Он мне в грудь головой ткнулся, отлетел словно ошпаренный, на край плаща своего пяткой наступил да на пол повалился. А я ему, пока не очухался, тавро под нос сунул.
— Говори, сукин сын, почему княгиню убить хотел?!
— Кто?! Я?! Что?! — растерялся ведун, разнервничался.
— Ты! — на него Ольга грозно. — Что с сыном моим, Маренин недоносок? Говори, не то тебя живого свиньям скормлю?!

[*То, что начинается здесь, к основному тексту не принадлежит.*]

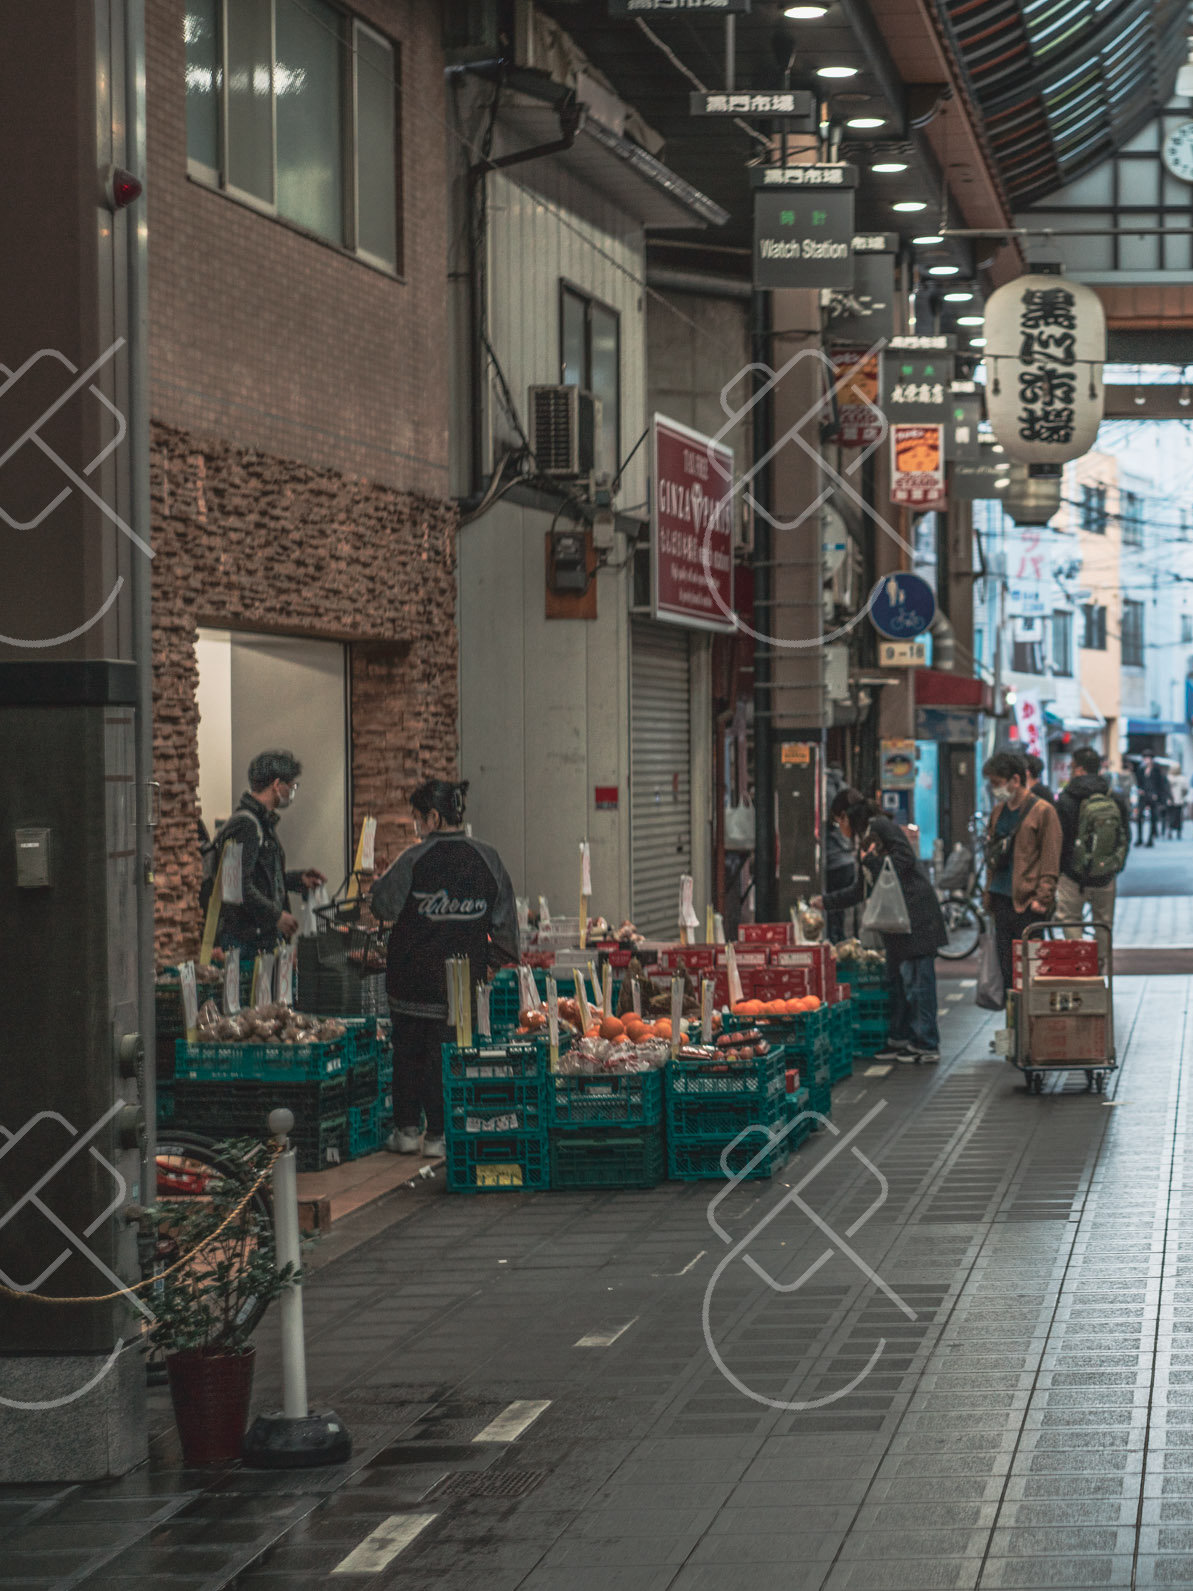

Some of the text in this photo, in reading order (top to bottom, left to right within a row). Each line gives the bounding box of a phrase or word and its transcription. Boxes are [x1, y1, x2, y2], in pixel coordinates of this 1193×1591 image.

[705, 95, 795, 112] 黒門市場
[763, 168, 844, 184] 黒門市場
[760, 238, 848, 259] Watch Station
[658, 479, 691, 523] GINZA
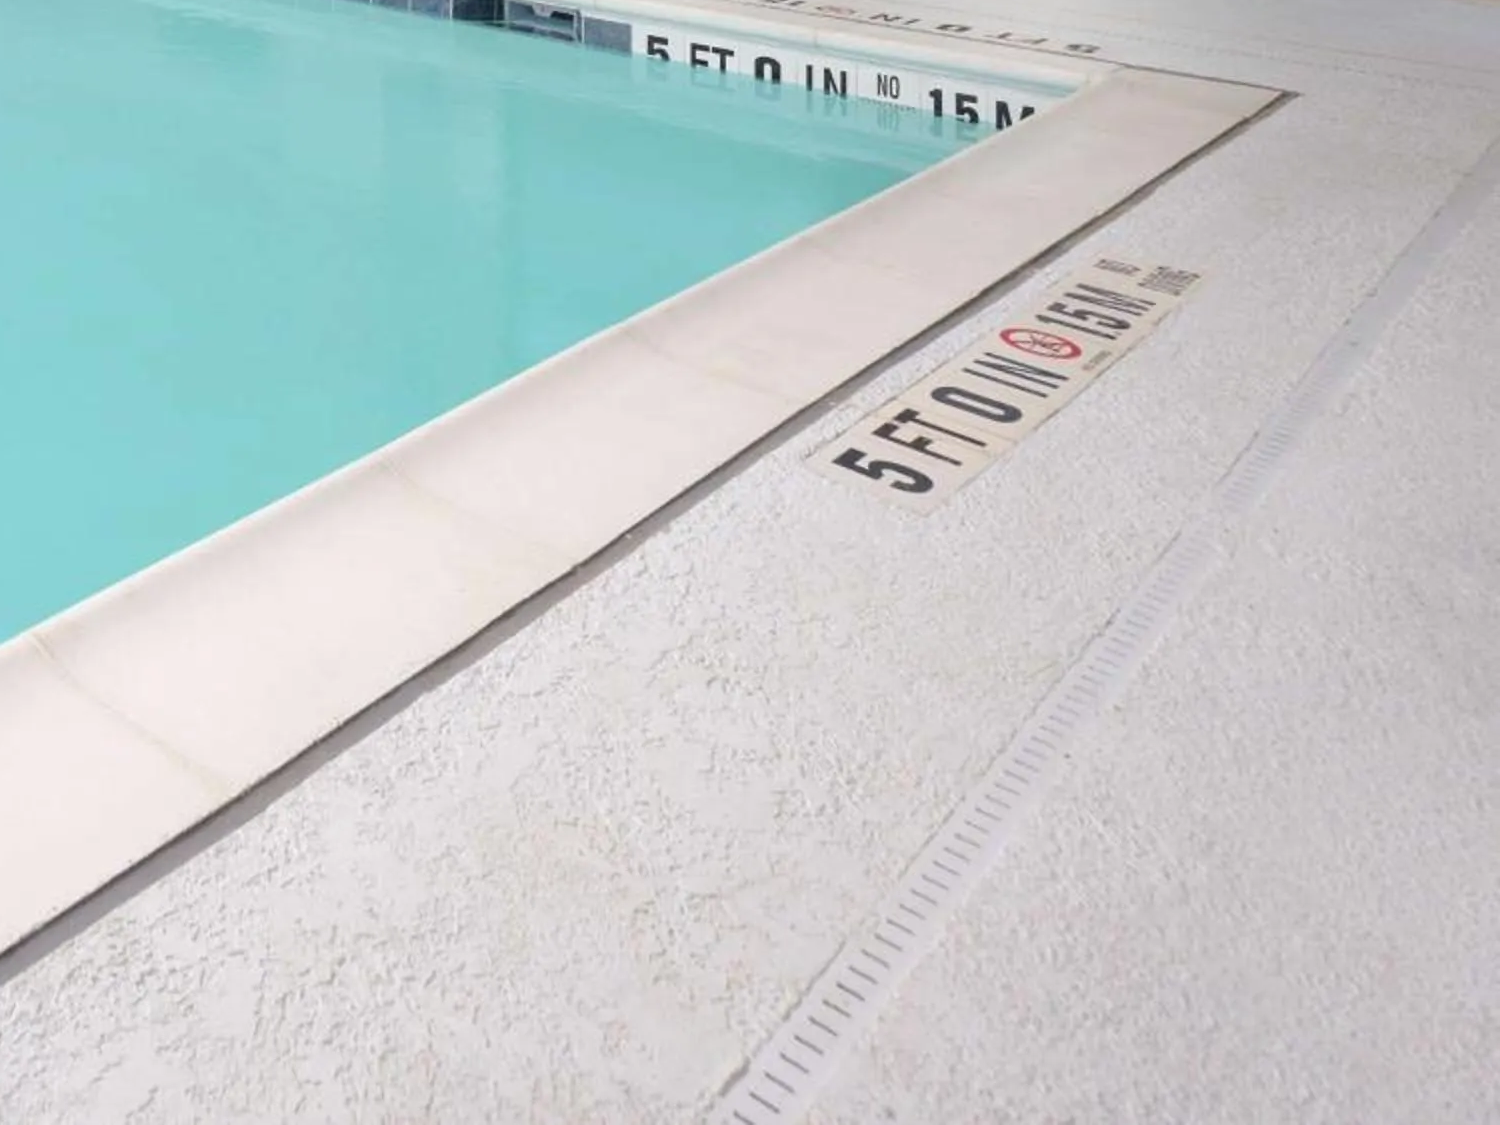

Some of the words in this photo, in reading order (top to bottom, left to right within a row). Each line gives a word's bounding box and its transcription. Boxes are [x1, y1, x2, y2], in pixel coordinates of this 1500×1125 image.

[647, 34, 670, 62] 5
[689, 42, 735, 74] FT
[805, 64, 848, 100] IN
[877, 72, 901, 99] NO
[962, 351, 1070, 398] IN
[930, 385, 1024, 424] 0
[871, 407, 988, 467] FT
[831, 447, 935, 494] 5

— Я не знаю, что со Святославом! — заголосил он. — Наверное, со Свенельдом он печенегов бьет.
— А гонец?!
— Не гонец он вовсе. Ведун младший. Я его подговорил, чтобы он из Киева тебя выманил, как мышку из норки! — Не ожидал я, что так быстро Звенемир признаваться в злом умысле начнет.
Видно, права была Ольга, когда говорила, что ведун трусоват. Так оно и оказалось.
— А как же ты его повеситься-то заставил? — задал я ему вопрос, на который не мог найти ответа с той поры, как понял, что православный он.
— Я ему три месяца внушал, что смерть его, если что, воротами в Сваргу станет. А он поверил. Потому согласился грудь под раскаленное тавро подставить.
— А рыжий?
— И тот такой же. Все ведуном стать мечтал. Верил мне больше, чем самому себе.
— Зачем все это? — устало спросила Ольга.
— А зачем ты моих советов не слушала? Зачем книгу христианскую не сожгла? Зачем с церкви ругу не берешь? Серафим на Козарах скоро лопнет от богатств, — стал Звенемир в себя приходить да высказывать все, что на душе у него накипело. — Народ твой богов своих чтит, а ты на греческого Бога заглядываться стала. На требы не ходишь, даров Перуну не приносишь. Может, еще и креститься задумала? Разве такое непотребство вынести можно?
— Может, и задумала! — разъярилась Ольга, ногой с досады топнула. — У тебя, сморчка, разрешения спрашивать на то не собираюсь! Я в земле этой хозяйка! Как захочу, так и будет! — нагнулась она над врагом своим поверженным, закричала ему прямо в лицо: — Обещаю, что назло тебе завтра же крещусь! А ты молчать будешь! Сопеть в две дырочки и молчать! Не то вот этим тавром тебя прижигать буду, пока весь крестами да рыбами не покроешься! Понял?! — Никогда я такой Ольгу не видел.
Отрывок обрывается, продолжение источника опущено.